By Prabh Simran Singh, Lead Software Engineer, Salesforce

Salesforce took a very early bet on Kubernetes (K8s) in 2015 to help us begin the journey from monolith to microservices, and we're happily using it today across product lines and business units. Over the last five years, we gave teams the freedom to adopt K8s as they saw fit. So, teams across the company spun up clusters and created customized configurations, which...became costly and difficult to manage. Teams also had varying levels of K8s knowledge and expertise, and they weren't all able to dedicate staff time to the operational overhead required to run a cluster. We have many stories we could share about things that we learned the hard way through long debugging processes. Imagine spending hours digging into an intermittent connectivity failure issue only to discover the problem had been caused by a sysctl flag that had been set to 0 in a naive attempt at optimization, when it should have been set to 1!

This incident and others helped us realize we needed uniform practices, tooling, and investments. From automation to visibility to security and network monitoring, we needed solutions that applied across all of the large-scale, multi-tenant clusters running across the many regions within Salesforce. Enter the central Salesforce Kubernetes Platform team.

Our centralized team manages a substrate-agnostic K8s install. Our goal is to empower service owners to focus on the unique value of their services without having to worry about infrastructure. We handle concerns for the entire runtime stack - from the Terraform provisioning pipeline to automated upgrades, security configuration, and integration validations. Our measure of success is increased developer agility with decreased operational costs and complexity. As a side effect, our efforts aim to unlock economies of scale from a staffing perspective, since teams don't have to dedicate an entire position to K8s management.

By streamlining runtime concerns, we're able to offer a 24x7 availability guarantee.
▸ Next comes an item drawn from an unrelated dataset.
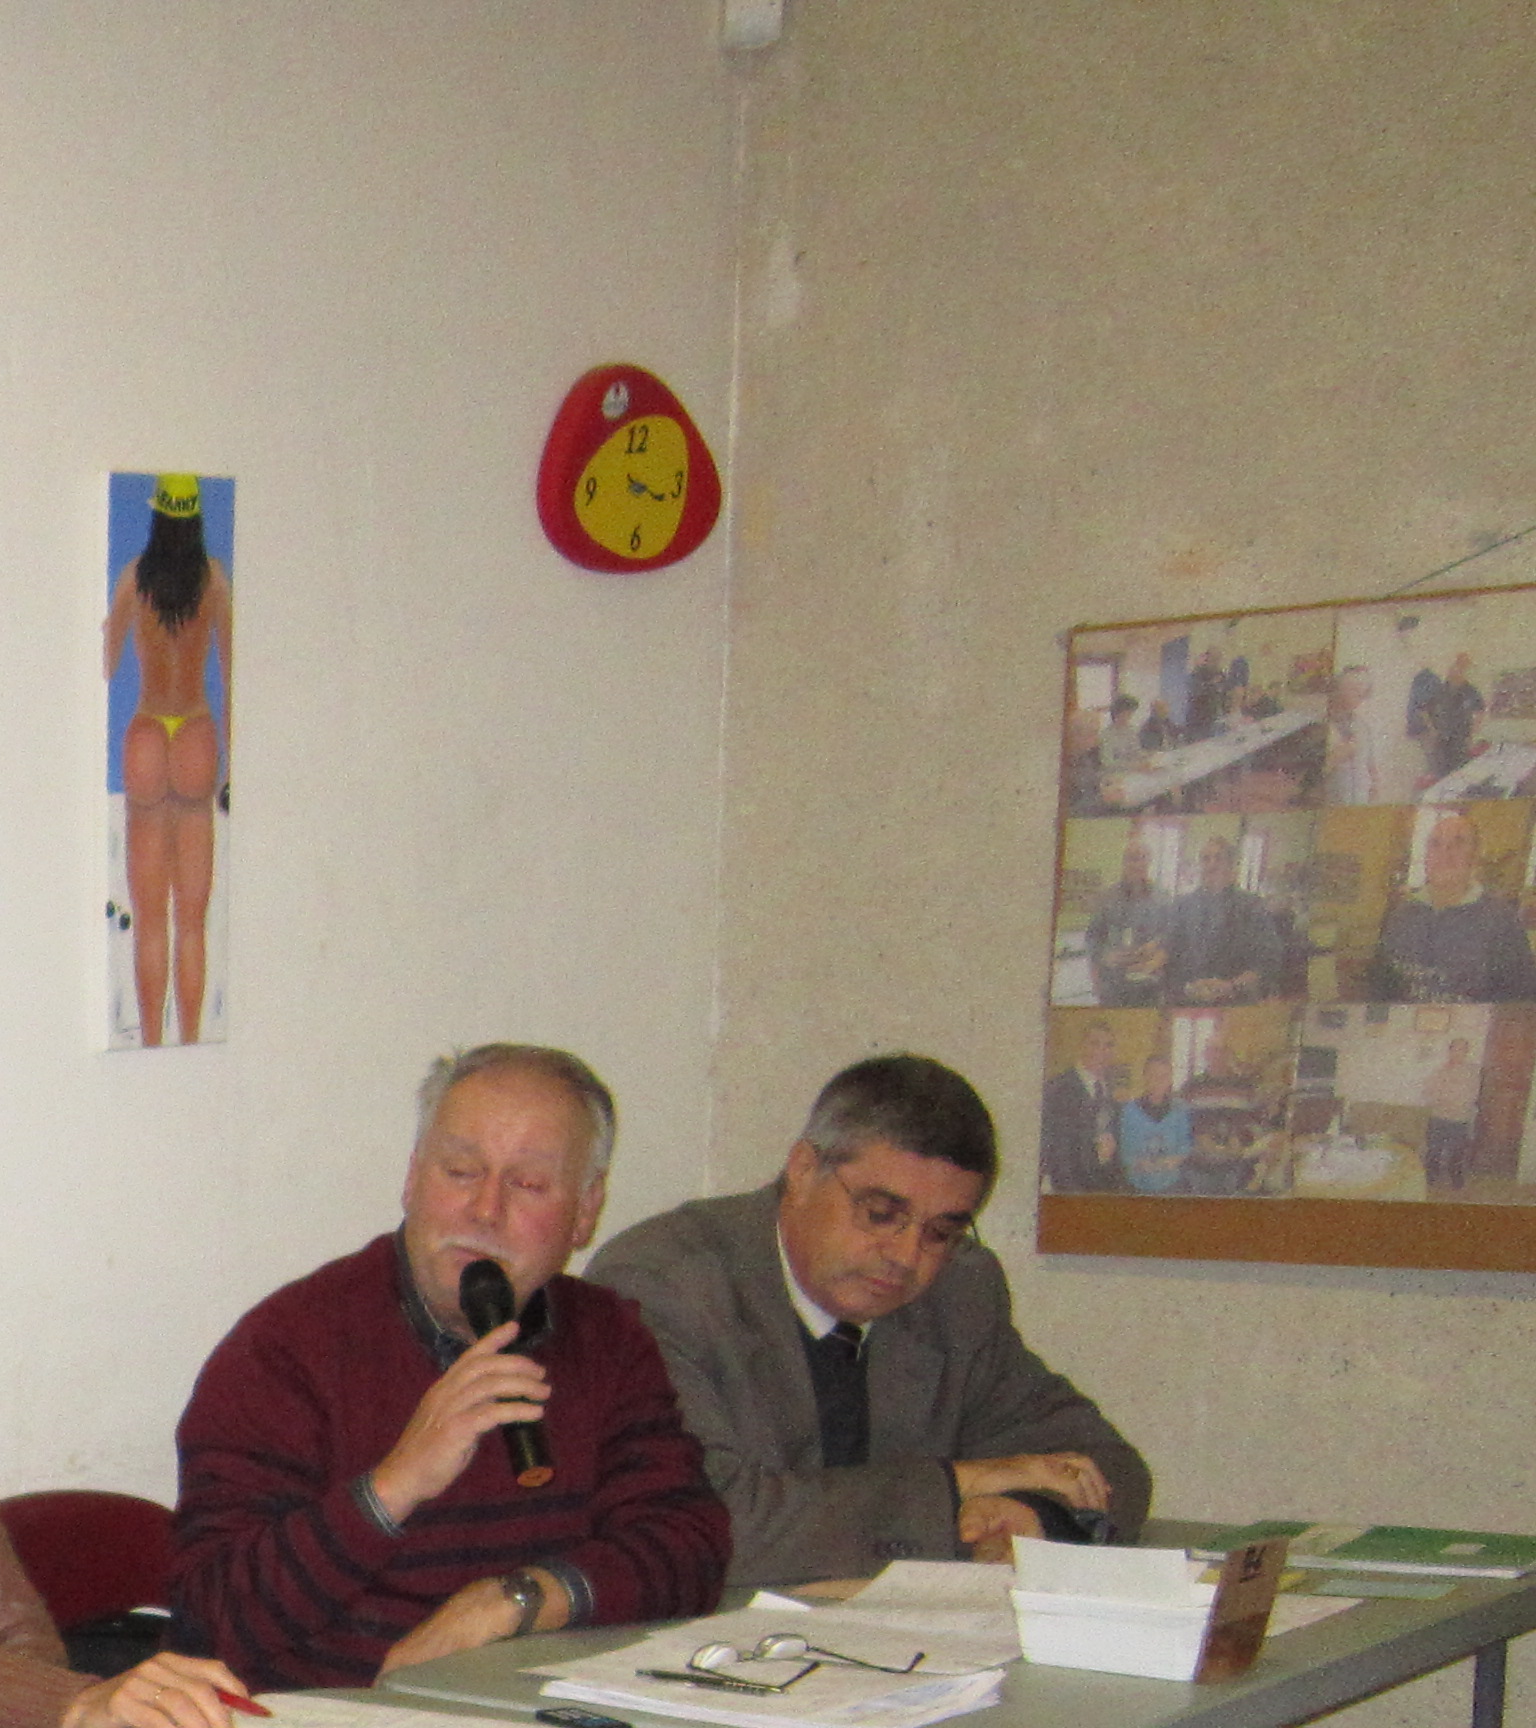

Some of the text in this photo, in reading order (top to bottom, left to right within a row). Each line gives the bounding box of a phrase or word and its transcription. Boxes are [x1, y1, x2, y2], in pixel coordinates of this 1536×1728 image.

[625, 424, 649, 454] 12
[585, 477, 598, 507] 9
[670, 470, 684, 499] 3
[630, 524, 642, 552] 6
At the same time, our team drives resiliency by continuously implementing improvements that decrease the mean time to recover (MTTR) for all services using our centralized platform.
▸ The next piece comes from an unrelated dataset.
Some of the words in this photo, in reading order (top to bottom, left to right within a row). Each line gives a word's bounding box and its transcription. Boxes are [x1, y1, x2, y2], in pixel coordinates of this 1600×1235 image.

Because we believe you may need to make this journey, too, we'd like to share some of the challenges we faced and the solutions we identified.

Challenges

Where to start? The first set of challenges came from provisioning and management. Our previous experience was with static infrastructure and using Puppet to roll out K8s. We needed to get K8s up and running on public cloud, while providing a substrate-agnostic way to provision and maintain the lifecycle of the control/data plane. The goal is to do the work once in automating upgrades to clusters, including K8s and operating system updates.

The next challenge relates to cluster visibility. With clusters being managed by individual teams, we didn't have an exact count of even how many there are, let alone their health. We needed to build a monitoring system for centralized visibility and management of the entire fleet of K8s clusters. This should include a listing of all the clusters, the configurations of each cluster, and cluster management recommendations. Having this single pane of glass would offer the ability to see and act on patterns across hundreds of clusters.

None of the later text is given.